Me parece miserable y repugnante la instrumentalización de la crisis que hace la derecha para desacreditar la gestión del Gobierno frente a la pandemia.

Madrid, gobernada por el PP, es una de las zonas del mundo donde la COVID-19 se ha ensañado, es la autonomía con más casos y muertes de España, incluyendo la de más fallecimientos registrados entre ancianos en las residencias. Pero Pablo Casado acusa al Gobierno de mentir sobre las cifras reales de contagiados y fallecidos por la epidemia, cuando son unos datos que aportan las propias autonomías. Recordemos que Madrid también tiene las competencias sobre las residencias de ancianos públicas y privadas.

El 5 de marzo, las autoridades internacionales advirtieron de la gravedad de la epidemia, sin embargo, la Comunidad de Madrid pidió por carta a los funcionarios públicos que continuasen su actividad con total normalidad. Asimismo, la presidenta de la comunidad, Isabel Díaz Ayuso, aseguró el 26 de febrero que lo peligroso «es el miedo más que el propio virus» además de «que lo que deja como secuelas son síntomas menos que los de la gripe». Además, el Colegio Oficial de Médicos de Madrid ha denunciado en una nota de prensa la gestión de contención de la pandemia de coronavirus diseñada por la Comunidad de Madrid presidida por Ayuso.

No importan los hechos, que desmienten al líder del PP, el 9 de abril en el Congreso se atrevió a acusar al Gobierno de «negligencia»: «Cada retraso, mentira o error cuesta vidas». Claro que peor aún fue lo de Vox, que llamó al Gobierno «criminal». No soy quién para evaluar la gestión del coronavirus, seguro que se han cometido muchos errores, se tomaron decisiones tarde, hubo cierta improvisación, pero no veo que en otros países lo hayan hecho mucho mejor. Para saber tanto sobre el coronavirus, ni el PP ni Vox llevaron al Congreso ninguna iniciativa para controlarlo. Es más, el 11 de marzo Ayuso estaba en contra de cerrar Madrid por las consecuencias económicas que esta decisión tendría. Y en la misma fecha, en Andalucía, su presidente Juanma Moreno se negaba a suspender la Semana Santa.

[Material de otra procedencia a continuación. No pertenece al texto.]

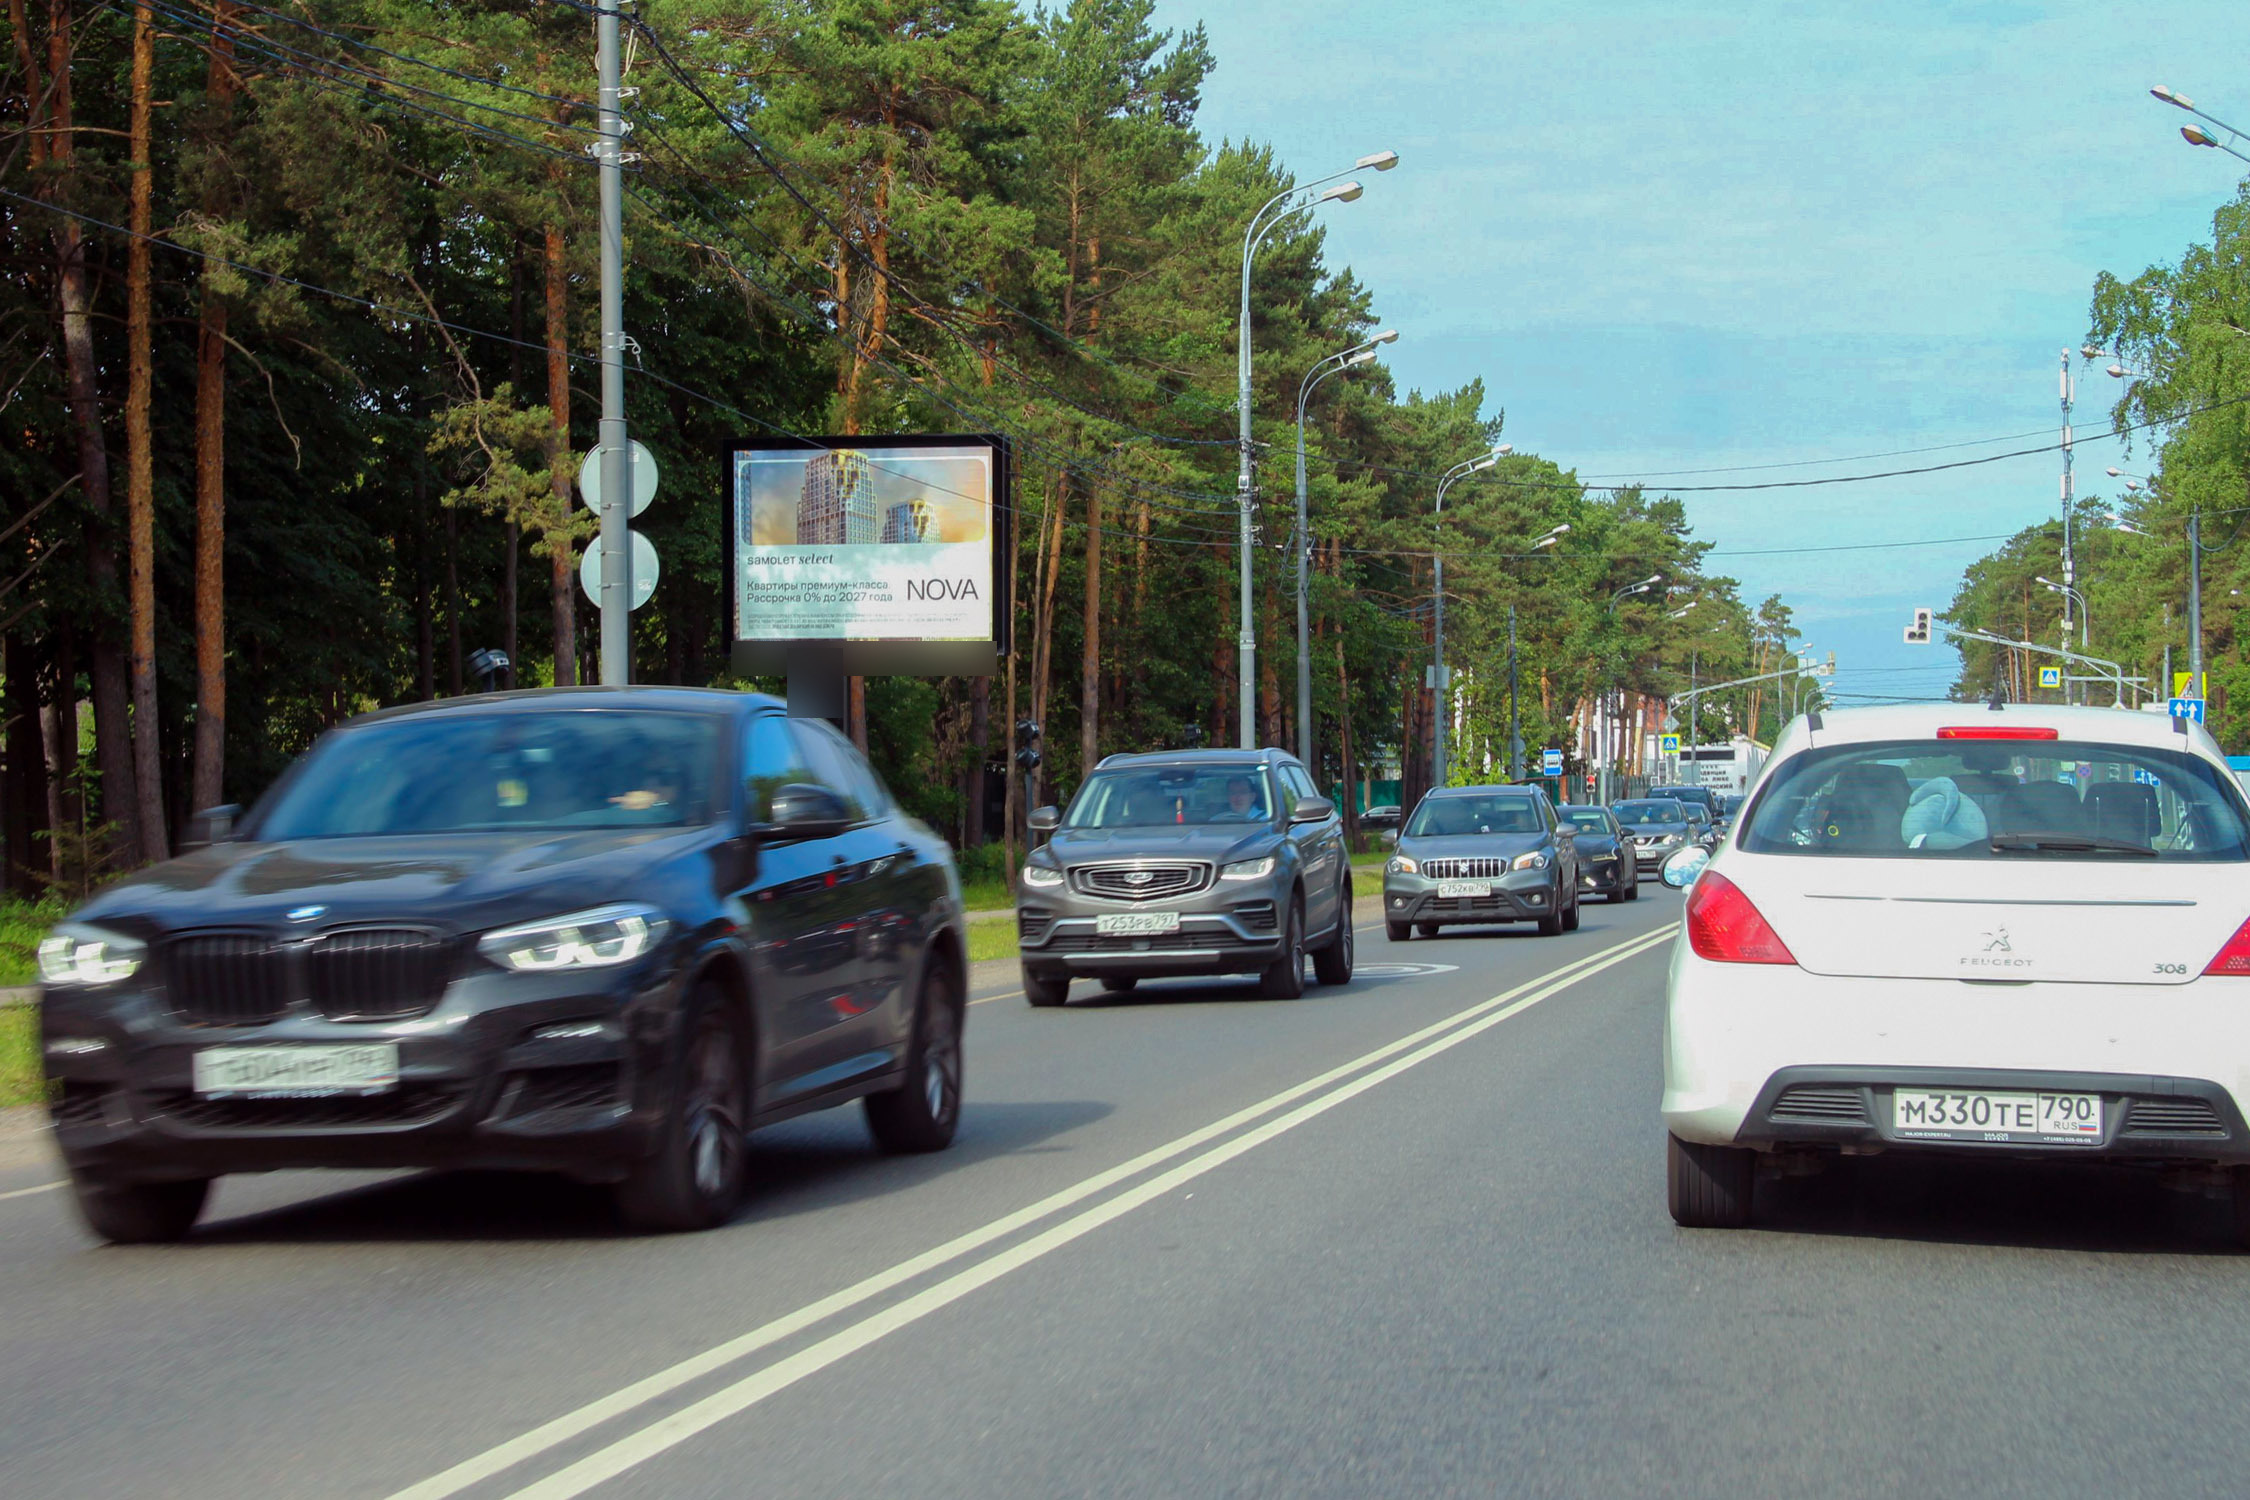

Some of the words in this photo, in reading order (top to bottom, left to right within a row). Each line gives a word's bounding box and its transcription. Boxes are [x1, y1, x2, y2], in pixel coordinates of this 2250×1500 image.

[799, 553, 834, 566] select
[747, 581, 798, 594] Квартиры
[801, 581, 889, 594] премиум-класса
[907, 578, 979, 601] NOVA
[747, 593, 801, 604] Рассрочка
[804, 592, 821, 602] 0%
[823, 594, 837, 604] до
[839, 591, 867, 602] 2027
[869, 592, 894, 603] года
[1960, 957, 2033, 967] PEUGEOT
[2152, 963, 2187, 975] 308
[1905, 1094, 2034, 1128] М330ТЕ
[2041, 1095, 2092, 1121] 790
[2053, 1120, 2079, 1131] RUS

La postura de Vox es todavía más incalificable si cabe. Manipula fotos de la Gran Vía madrileña; difunde bulos acusando al Gobierno de censurar Whatsapp, que limitará el reenvío de mensajes a un solo destinatario; se inventa entrevistas… para después pedir la dimisión de Pedro Sánchez y exigir un gobierno de concentración nacional, animando al ejército a dar el paso; es decir, alentando al ejército a dar un golpe de estado. A sus líderes les gustaría ver ataúdes por todas partes, fosas comunes cubiertas con cal, querrían que Radio Televisión Española mostrase la deshumanización de la muerte. En vez de eso, RTVE se dedica a ocultar la gran desgracia que está sufriendo España, vulnera el principio de neutralidad política y, para colmo, emite programas de humor en lugar de marchas militares.

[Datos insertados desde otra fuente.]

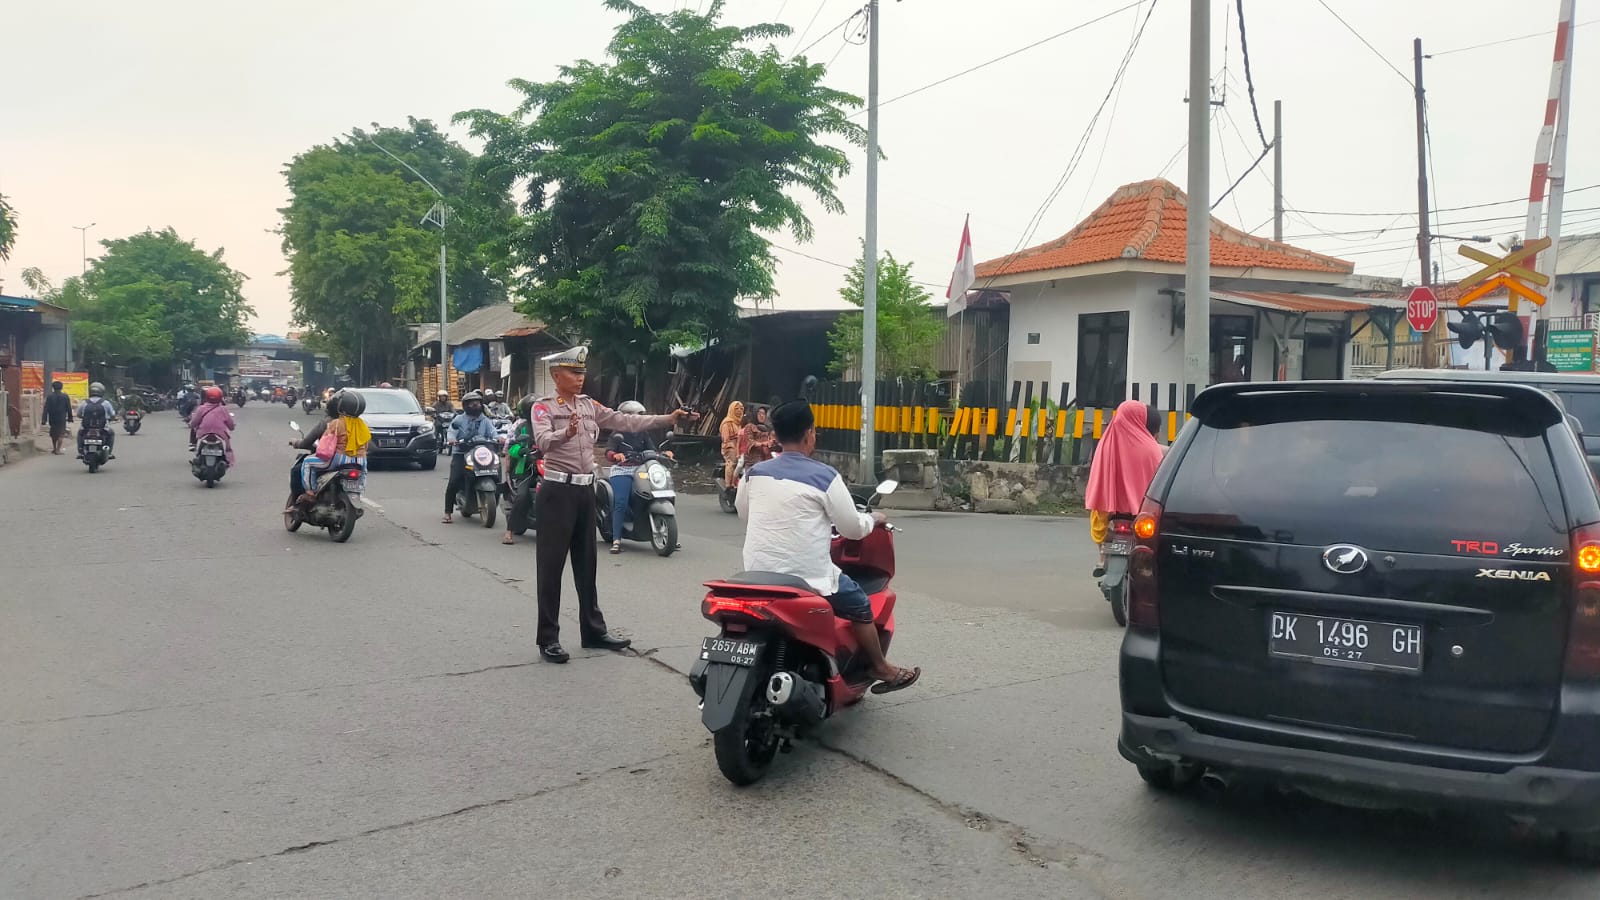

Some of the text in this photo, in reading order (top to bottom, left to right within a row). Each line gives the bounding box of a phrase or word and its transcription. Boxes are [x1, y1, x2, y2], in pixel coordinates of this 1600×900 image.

[1408, 300, 1435, 318] STOP
[1450, 539, 1564, 557] TRD Sportivo
[1475, 568, 1552, 581] XENIA
[1272, 614, 1421, 654] DK 1496 GH
[702, 638, 757, 655] L 2657 ABM

Desde lejos, la situación se ve de otra manera y la Organización Mundial de la Salud opina que «España está haciendo un trabajo fantástico». Quizás habría que matizar este piropo y añadir que se están haciendo las cosas lo que mejor se puede, teniendo en cuenta los hachazos que dio, curiosamente el PP, a la sanidad pública y a la investigación científica. Ahora no tendríamos que importar algo tan básico como mascarillas.